### [Task description]
In the material below, the lines to repeat exactly run from the one containing "this 2048×1536 image." to the very last line, both included.

----------

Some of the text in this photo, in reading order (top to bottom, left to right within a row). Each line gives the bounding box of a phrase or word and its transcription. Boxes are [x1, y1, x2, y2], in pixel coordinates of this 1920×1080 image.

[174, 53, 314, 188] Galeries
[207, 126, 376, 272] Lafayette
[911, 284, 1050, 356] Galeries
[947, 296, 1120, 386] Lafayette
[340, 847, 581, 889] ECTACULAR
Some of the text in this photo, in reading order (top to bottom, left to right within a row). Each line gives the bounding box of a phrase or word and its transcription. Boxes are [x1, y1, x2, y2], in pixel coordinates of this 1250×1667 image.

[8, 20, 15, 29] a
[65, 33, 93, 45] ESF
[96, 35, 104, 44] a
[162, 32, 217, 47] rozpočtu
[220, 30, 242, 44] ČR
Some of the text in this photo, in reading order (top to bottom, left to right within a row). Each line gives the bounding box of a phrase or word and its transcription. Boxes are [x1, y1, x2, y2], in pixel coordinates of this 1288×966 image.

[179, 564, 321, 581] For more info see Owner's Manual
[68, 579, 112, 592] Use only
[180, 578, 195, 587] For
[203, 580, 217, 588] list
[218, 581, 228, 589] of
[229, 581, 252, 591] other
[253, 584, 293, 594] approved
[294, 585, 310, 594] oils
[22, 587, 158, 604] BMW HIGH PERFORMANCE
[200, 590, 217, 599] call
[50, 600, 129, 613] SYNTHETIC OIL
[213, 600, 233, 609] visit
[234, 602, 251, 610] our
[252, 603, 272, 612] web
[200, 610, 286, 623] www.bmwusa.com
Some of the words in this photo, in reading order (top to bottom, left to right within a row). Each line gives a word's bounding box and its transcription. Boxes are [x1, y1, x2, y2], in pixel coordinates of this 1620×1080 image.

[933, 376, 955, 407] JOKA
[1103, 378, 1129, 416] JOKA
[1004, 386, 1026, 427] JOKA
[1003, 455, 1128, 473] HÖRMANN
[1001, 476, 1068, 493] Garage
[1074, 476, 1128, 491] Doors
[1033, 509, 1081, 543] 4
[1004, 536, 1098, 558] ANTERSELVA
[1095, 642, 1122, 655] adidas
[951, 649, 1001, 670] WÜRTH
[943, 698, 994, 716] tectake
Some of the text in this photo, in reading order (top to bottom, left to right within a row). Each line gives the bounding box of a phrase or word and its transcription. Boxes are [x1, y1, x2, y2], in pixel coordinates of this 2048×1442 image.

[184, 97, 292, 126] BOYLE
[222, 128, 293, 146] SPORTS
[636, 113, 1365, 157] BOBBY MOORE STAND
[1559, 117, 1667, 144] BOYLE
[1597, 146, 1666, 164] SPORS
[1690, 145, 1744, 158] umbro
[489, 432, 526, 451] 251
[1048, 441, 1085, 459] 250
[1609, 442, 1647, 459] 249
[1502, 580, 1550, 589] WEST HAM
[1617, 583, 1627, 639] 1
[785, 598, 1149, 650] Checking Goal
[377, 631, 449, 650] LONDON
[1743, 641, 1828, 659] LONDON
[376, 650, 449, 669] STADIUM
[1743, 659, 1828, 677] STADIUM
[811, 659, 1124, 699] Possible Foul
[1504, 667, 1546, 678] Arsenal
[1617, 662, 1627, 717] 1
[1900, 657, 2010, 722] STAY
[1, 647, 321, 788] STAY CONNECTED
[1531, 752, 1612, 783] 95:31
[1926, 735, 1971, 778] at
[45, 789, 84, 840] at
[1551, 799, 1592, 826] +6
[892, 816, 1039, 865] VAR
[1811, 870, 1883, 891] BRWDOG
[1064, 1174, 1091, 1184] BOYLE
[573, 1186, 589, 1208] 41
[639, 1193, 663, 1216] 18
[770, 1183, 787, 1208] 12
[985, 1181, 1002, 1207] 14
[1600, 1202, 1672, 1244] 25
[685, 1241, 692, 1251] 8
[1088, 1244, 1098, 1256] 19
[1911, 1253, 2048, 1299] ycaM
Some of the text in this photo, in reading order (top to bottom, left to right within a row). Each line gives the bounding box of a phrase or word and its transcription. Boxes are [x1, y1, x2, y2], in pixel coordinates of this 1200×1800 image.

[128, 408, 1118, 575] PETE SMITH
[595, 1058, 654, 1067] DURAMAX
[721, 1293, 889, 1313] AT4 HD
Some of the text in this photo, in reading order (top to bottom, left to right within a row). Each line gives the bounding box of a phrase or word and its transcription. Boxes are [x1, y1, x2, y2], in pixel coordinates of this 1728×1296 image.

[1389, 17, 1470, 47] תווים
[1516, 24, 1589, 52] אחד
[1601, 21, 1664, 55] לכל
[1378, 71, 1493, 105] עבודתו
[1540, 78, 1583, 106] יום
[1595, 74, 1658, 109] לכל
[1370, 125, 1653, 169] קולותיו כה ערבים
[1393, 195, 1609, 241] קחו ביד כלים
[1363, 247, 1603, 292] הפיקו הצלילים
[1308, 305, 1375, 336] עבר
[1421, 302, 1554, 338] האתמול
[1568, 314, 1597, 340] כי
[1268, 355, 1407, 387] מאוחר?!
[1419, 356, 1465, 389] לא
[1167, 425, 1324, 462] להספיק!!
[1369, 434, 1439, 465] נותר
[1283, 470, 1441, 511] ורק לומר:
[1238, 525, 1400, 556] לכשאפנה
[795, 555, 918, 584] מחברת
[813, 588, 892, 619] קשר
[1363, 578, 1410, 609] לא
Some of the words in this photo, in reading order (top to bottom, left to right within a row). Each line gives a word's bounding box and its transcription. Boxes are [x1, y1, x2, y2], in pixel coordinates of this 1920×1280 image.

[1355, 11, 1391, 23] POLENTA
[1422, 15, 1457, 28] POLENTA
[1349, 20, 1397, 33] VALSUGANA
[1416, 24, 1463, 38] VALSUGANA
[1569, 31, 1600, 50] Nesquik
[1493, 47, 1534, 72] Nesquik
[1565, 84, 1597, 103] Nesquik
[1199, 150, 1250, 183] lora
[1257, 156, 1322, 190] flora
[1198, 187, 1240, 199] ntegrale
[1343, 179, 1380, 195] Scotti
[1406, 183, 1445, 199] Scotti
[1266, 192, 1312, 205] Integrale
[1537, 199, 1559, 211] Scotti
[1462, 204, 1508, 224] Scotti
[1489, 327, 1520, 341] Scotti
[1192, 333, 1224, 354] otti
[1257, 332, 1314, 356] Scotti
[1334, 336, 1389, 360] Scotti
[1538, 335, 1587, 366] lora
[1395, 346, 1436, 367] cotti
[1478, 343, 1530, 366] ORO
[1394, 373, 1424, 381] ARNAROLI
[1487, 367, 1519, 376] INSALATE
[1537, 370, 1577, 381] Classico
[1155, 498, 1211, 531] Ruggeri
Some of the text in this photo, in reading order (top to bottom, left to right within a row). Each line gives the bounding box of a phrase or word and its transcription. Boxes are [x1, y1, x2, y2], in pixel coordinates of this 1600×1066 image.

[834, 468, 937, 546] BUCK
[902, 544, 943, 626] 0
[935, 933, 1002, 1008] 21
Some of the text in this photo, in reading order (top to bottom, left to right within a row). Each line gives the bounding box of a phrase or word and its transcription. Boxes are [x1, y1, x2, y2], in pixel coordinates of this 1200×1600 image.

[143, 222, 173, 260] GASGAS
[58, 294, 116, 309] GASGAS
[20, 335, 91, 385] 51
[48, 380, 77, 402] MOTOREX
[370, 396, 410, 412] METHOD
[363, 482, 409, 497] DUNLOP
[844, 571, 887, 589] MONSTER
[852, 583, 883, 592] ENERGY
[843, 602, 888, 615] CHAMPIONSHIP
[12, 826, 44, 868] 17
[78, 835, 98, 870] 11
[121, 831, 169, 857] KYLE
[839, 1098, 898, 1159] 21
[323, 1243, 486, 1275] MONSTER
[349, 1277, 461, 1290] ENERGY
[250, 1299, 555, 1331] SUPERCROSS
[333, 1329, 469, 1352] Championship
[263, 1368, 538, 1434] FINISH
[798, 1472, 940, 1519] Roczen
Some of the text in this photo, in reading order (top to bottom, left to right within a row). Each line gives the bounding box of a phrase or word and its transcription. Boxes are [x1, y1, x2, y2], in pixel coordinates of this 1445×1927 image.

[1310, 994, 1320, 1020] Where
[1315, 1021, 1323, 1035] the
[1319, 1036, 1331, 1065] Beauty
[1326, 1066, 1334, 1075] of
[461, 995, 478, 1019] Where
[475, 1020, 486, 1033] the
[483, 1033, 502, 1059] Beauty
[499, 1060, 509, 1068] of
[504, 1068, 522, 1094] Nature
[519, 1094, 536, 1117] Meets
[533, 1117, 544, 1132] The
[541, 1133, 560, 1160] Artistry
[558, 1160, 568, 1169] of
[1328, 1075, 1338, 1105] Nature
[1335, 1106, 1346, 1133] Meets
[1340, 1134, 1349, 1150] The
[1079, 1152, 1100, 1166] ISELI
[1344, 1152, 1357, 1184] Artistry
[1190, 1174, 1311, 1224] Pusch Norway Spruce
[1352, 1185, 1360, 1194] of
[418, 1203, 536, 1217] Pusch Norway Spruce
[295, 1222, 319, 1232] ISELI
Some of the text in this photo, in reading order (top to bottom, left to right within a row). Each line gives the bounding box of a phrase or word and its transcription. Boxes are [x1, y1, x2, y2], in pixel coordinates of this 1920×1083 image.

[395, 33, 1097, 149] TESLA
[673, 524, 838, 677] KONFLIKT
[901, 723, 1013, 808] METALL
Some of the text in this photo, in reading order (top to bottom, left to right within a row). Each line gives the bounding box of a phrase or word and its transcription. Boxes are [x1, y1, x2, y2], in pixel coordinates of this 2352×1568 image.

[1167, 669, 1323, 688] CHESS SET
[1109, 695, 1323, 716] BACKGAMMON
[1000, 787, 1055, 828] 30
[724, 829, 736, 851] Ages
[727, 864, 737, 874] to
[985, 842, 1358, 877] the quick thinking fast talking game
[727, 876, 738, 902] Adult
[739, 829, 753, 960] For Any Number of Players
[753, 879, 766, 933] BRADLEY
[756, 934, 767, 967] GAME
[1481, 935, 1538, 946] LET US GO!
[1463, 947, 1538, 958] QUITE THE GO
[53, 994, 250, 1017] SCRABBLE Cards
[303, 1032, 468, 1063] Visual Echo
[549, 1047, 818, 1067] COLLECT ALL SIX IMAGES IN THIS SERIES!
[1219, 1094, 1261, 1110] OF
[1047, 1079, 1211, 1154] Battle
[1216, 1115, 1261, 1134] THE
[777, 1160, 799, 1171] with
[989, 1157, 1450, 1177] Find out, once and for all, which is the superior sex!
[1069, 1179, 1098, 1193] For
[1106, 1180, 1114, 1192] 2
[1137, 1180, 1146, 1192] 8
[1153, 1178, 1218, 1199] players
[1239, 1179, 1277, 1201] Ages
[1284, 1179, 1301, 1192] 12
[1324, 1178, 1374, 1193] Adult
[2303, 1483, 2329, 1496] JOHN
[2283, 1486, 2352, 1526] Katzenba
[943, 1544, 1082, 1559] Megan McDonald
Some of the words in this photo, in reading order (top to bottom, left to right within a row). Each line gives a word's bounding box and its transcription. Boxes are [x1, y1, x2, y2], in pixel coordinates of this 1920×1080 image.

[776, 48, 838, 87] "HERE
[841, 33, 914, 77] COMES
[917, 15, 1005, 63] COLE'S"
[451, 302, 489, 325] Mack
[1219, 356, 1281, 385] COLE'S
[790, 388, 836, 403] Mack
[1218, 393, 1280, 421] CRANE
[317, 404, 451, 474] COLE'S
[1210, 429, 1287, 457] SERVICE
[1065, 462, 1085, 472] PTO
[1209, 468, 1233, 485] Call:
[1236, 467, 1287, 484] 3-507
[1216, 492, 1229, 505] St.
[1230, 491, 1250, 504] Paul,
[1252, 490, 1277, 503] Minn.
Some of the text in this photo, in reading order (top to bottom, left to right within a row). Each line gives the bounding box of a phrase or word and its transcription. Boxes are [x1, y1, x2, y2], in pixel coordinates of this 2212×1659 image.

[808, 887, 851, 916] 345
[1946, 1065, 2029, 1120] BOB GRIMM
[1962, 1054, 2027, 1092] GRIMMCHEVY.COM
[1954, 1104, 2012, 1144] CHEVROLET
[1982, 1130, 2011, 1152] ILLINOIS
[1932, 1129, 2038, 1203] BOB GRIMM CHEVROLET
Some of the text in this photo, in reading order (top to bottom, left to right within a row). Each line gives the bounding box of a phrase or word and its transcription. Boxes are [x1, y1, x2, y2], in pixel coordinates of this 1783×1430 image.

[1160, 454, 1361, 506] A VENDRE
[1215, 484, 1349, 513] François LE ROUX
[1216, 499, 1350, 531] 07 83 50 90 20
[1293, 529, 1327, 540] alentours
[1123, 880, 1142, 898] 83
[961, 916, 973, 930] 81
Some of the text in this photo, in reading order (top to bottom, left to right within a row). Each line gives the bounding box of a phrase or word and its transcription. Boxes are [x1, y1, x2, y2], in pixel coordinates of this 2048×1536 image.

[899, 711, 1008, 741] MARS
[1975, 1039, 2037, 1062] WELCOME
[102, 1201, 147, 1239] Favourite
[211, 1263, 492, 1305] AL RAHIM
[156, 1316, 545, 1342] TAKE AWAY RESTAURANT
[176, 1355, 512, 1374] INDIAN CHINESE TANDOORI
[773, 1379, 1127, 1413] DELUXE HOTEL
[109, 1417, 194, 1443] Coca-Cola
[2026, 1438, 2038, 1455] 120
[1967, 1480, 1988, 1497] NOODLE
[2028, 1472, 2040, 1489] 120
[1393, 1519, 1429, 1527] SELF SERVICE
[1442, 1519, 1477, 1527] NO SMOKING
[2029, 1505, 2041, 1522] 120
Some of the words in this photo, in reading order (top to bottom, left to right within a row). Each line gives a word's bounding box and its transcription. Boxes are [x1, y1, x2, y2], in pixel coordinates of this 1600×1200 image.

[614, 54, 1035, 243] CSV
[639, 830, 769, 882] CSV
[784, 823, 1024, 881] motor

----------

### [Completed task]
Some of the text in this photo, in reading order (top to bottom, left to right within a row). Each line gives the bounding box of a phrase or word and its transcription. Boxes are [x1, y1, x2, y2], in pixel coordinates of this 2048×1536 image.

[899, 711, 1008, 741] MARS
[1975, 1039, 2037, 1062] WELCOME
[102, 1201, 147, 1239] Favourite
[211, 1263, 492, 1305] AL RAHIM
[156, 1316, 545, 1342] TAKE AWAY RESTAURANT
[176, 1355, 512, 1374] INDIAN CHINESE TANDOORI
[773, 1379, 1127, 1413] DELUXE HOTEL
[109, 1417, 194, 1443] Coca-Cola
[2026, 1438, 2038, 1455] 120
[1967, 1480, 1988, 1497] NOODLE
[2028, 1472, 2040, 1489] 120
[1393, 1519, 1429, 1527] SELF SERVICE
[1442, 1519, 1477, 1527] NO SMOKING
[2029, 1505, 2041, 1522] 120
Some of the words in this photo, in reading order (top to bottom, left to right within a row). Each line gives a word's bounding box and its transcription. Boxes are [x1, y1, x2, y2], in pixel coordinates of this 1600×1200 image.

[614, 54, 1035, 243] CSV
[639, 830, 769, 882] CSV
[784, 823, 1024, 881] motor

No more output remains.